そこに所属する者達は冒険者と呼ばれ、個人にあった適切な依頼を発注し、その報酬として金銭を稼ぐ。
危険ではあるが、その分だけ実力のあるものなら高い稼ぎを得ることが出来る。
E~Sまでのランクがあり、Sランクともなれば一つの大陸にも片手で数えるほどしかいない。
国に雇われればその国の最高戦力と呼ばれる、それがSランクの次元である。
しかし便利屋の様な印象もある反面、命を賭けて人助けをする仕事でもあるためか、傲慢で粗暴な者も多く、民衆、そして貴族は特に冒険者を嫌うものが多かった。
ダラン王国の中にはいくつかの冒険者ギルドだあるが、王都にある冒険者ギルドも例外ではない。
そんな冒険者ギルドの入り口に、現在テイルは来ている。
「ここが冒険者ギルドか……流石、立派な建物だな」
冒険者ギルドはその特性から魔獣等に襲撃された際の対策だけでなく、冒険者同士で争うこともあるため比較的丈夫に作られている。
テイルが感想で述べたように、冒険者ギルドの建物は木造ではあるものの、どれだけ金をかけたのか分からないほどに立派な建物だ。
木造とは言ってもその建材は魔法建材と呼ばれるもので、木自体も特別頑丈なものに水の魔力を籠めた燃えにくい建材なので、石の建築よりもむしろ戦に向いていると言える。
(『確かに・・・全体的に魔力を帯びていますし』)
(『建材に態々魔法印を施すとは・・・面倒なことをするのう。私の城はミスリルを混ぜた鉄や石を使い常に魔力を流し続けて丈夫にしたものじゃがの』)
ちなみに現在、剣は別空間にしまっている。
というより剣が別空間に移動している、と言った方が正しいが。
それでもこうやって話せているのは魔王と勇者の意識が俺と繋がっているから・・・らしい。
なんとも便利な能力だ。
(贅沢な使い方だな・・・ミスリルなんてのは今じゃ武器や防具に使うだけで精一杯だぞ。純ミスリルの装備はそれこそ小さめの城が買えるくらいの値段はする)
(『なんともけち臭い時代になったもんじゃな・・・』)
そんなことを話しながらギルドの入り口を潜ると、髭の濃い男や刺青だらけの男、そんないかにもガラの悪そうな冒険者が多くいた。大抵の者は馬鹿にするような目を向けていたが、一部の者は品定めをするような目でこちらを見ていた。

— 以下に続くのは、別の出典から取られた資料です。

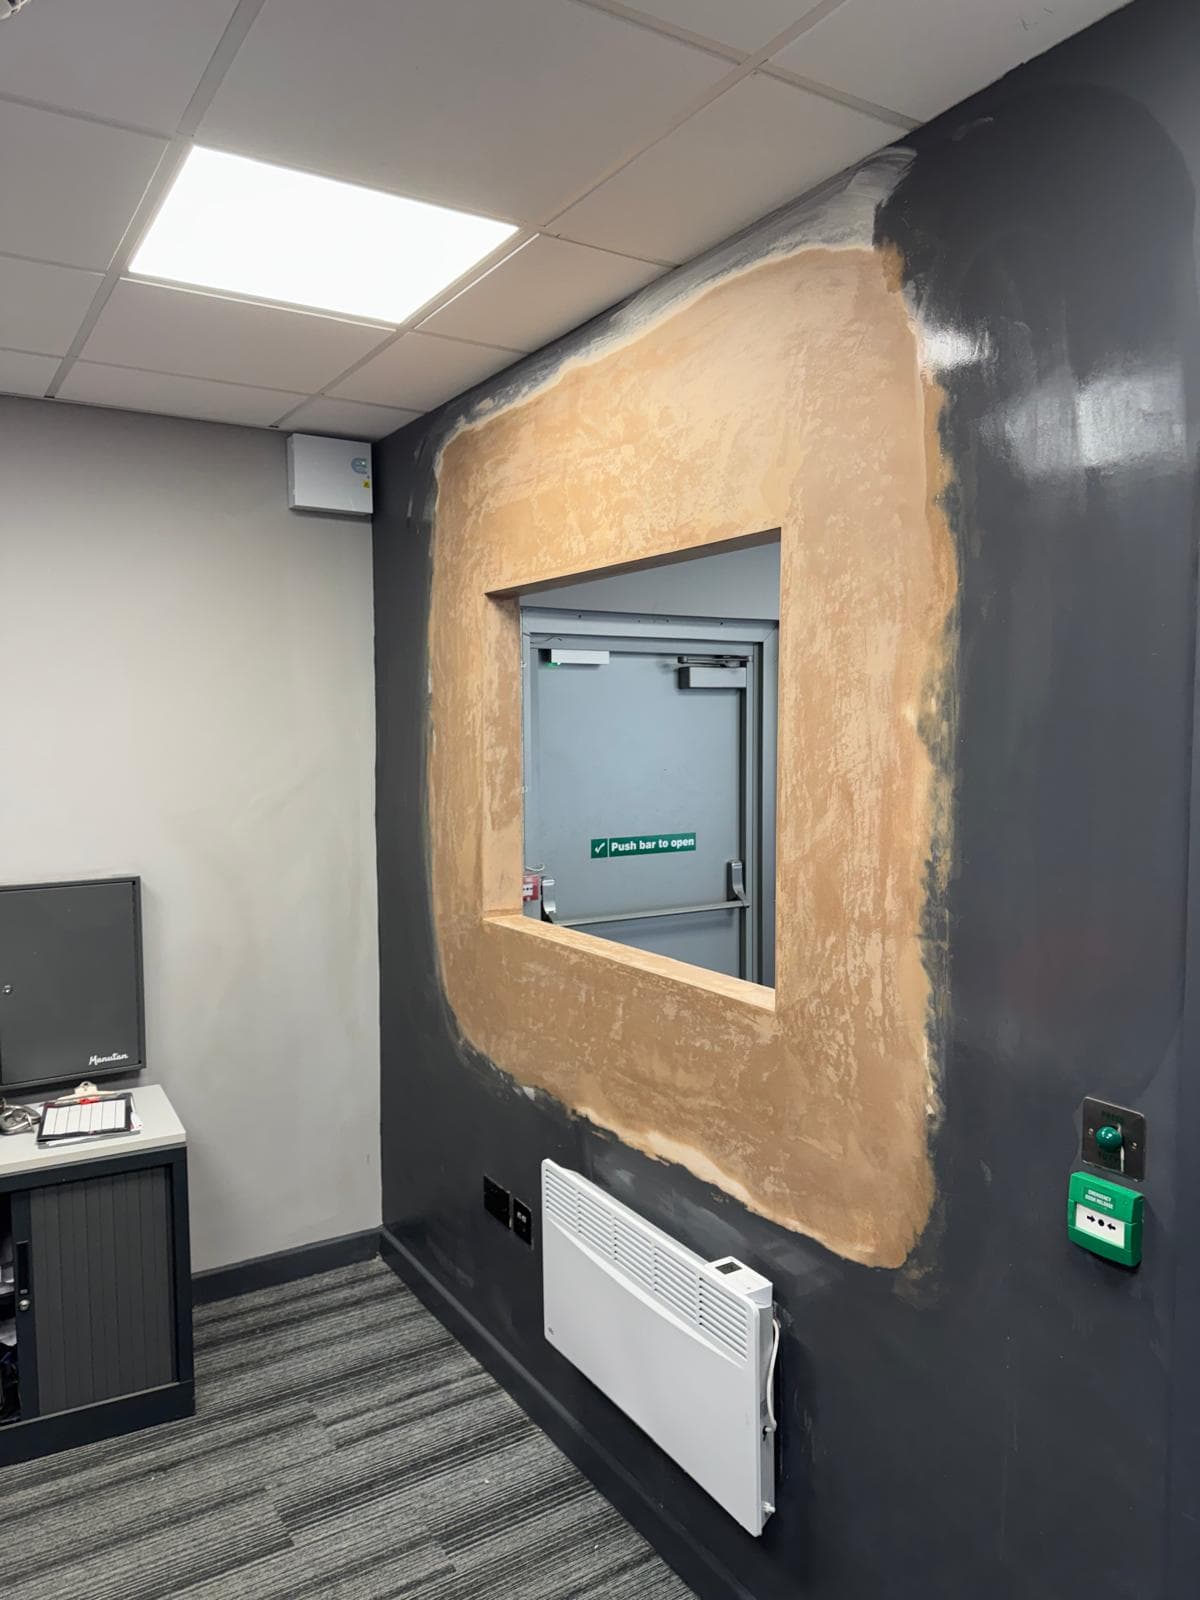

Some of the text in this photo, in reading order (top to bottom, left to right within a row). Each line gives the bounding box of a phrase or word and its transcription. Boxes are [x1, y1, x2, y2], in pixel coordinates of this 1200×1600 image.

[611, 838, 694, 852] Push bar to open
[88, 1052, 129, 1066] Manutan

冒険者たちのやる気を上げるためか、大体のギルドは受付に見目麗しい女性を雇う。
事実このギルドの受付嬢は美人と言って差し支えない金髪の女性だった。
テイルの身長が低いため、カウンターの向こうで座っている受付嬢と目線の高さがほぼ同じ、という少々気恥しい気分を味わってしまったが。
「冒険者登録をお願いします」
「はい?」
受付嬢に話しかけると、その受付嬢は信じられないといった様子で見てきた。
(もうちょっと隠そうとは思わないのか・・・)
(『教育がなってないわね』)
(『生意気な娘じゃの』)
しかしそれもある意味仕方のないことだ。
なにせテイルは中身こそ46歳という中年だが、現在の外見は16、いや元々が小柄であることを考えると14歳辺りに見えてもおかしくない。そんな子供が冒険者になりたいと言っても黒髪の子供が己の力を過信しているだけにしか思えないのだ。

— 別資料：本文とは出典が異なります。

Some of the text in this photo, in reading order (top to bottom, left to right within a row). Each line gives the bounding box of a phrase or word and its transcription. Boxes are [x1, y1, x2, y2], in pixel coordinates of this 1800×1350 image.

「え、えーっと……とりあえずこちらの用紙に記入して下さい」
「分かった」
(とりあえずって・・・)
(『信用されていませんね・・・まぁしょうがないかもしれないけど』)
(『主は見た目だけ子供だからのう・・・見た目だけ』)
・・・何度も言うな
渡された用紙はかなり単純なもので、記入する必要があるのは名前と年齢だけ。
後はギルドのルールが書かれている程度だった。
ルールと言ってもそう難しいものではなく、ギルド内での勝手に争うこと、または破壊行為を禁止したり、依頼を失敗した場合の罰則と言った程度のものだった。
「文字はもう書けるんですね……」
受付嬢の意外そうな声が聞こえてくる。
この国は識字率があまり高くない。
テイルの格好は英霊の島で来ていたぼろきれや服ではなく、王都に向かう途中で買ったものだが、それでも金持ちには見えない。子供の時から文字を学んでいるのは貴族の子かそうでなくとも金のある家庭、または親が教育熱心な家庭のみだ。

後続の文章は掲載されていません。